A ball `A` is dropped from the top of a building and at the same time an identical ball B is thrown vertically upward from the ground. When the balls collide, the speed of A is twice that of B. At what fraction of the height of the building did the collision occur?

Grade:12

1 Answers

Arun
25750 Points
6 years ago
Dear Pavan
 
Let t = t_o be the time they need to meet.

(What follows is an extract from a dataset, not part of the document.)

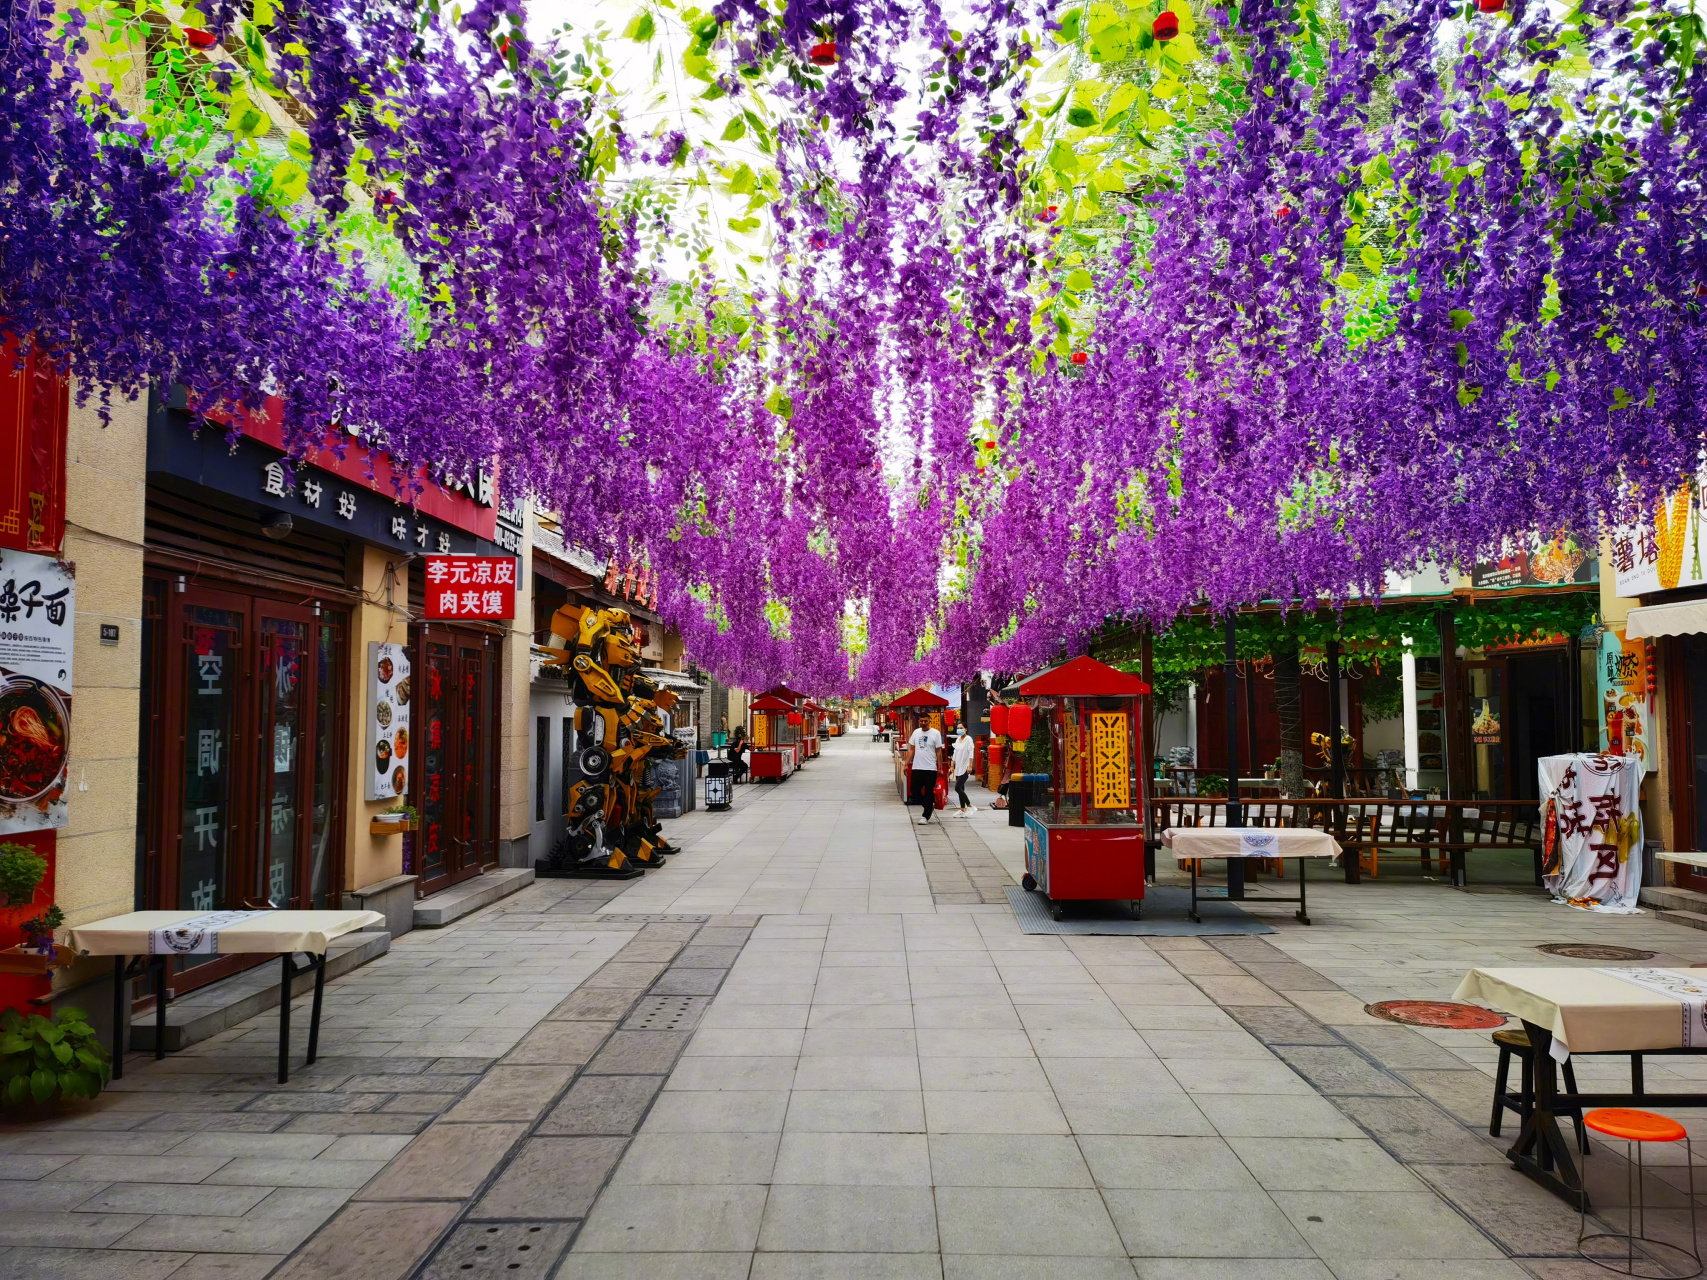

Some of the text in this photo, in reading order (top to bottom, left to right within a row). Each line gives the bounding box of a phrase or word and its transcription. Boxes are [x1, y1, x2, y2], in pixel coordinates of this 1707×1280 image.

[264, 461, 451, 555] 食材好 味才好
[427, 561, 514, 585] 李元凉皮
[438, 590, 503, 615] 肉夹馍

Then the dropped ball has the speed 
vA = g * t_o 
while the rising ball has speed 
vB = u - g*t_o 
We are given vB = 1/2 * v_A 
substituting g * t_o for vA 
we have vB = 1/2 * g*t_0 
So far we have 
vB = 1/2 * g*t_o 
vB = u - g*t_o 
By equality 
1/2 * g*t_0 = u - g*t_o 
solving for u 
u = 3/2*g*t_0 
Ball A fell 
f = 1/2 g t_o^2 
Ball B rose 
r = u*t_0 - 1/2*gt_o^2 
substitute u = 3/2*g*t_o 
Ball B rose 
r = (3/2*g*t_o) * t_o - 1/2*gt_o^2 
r = g*t_o^2 
the heigth (sic) is 
h = r+f = g*t_o^2 + 1/2*g*t_o^2 = 3/2 gt_o^2 = 3/2 * r 
So 
h = 3/2 * r ---> r = 2/3 * h
 
Regards
Arun (askIITians forum expert)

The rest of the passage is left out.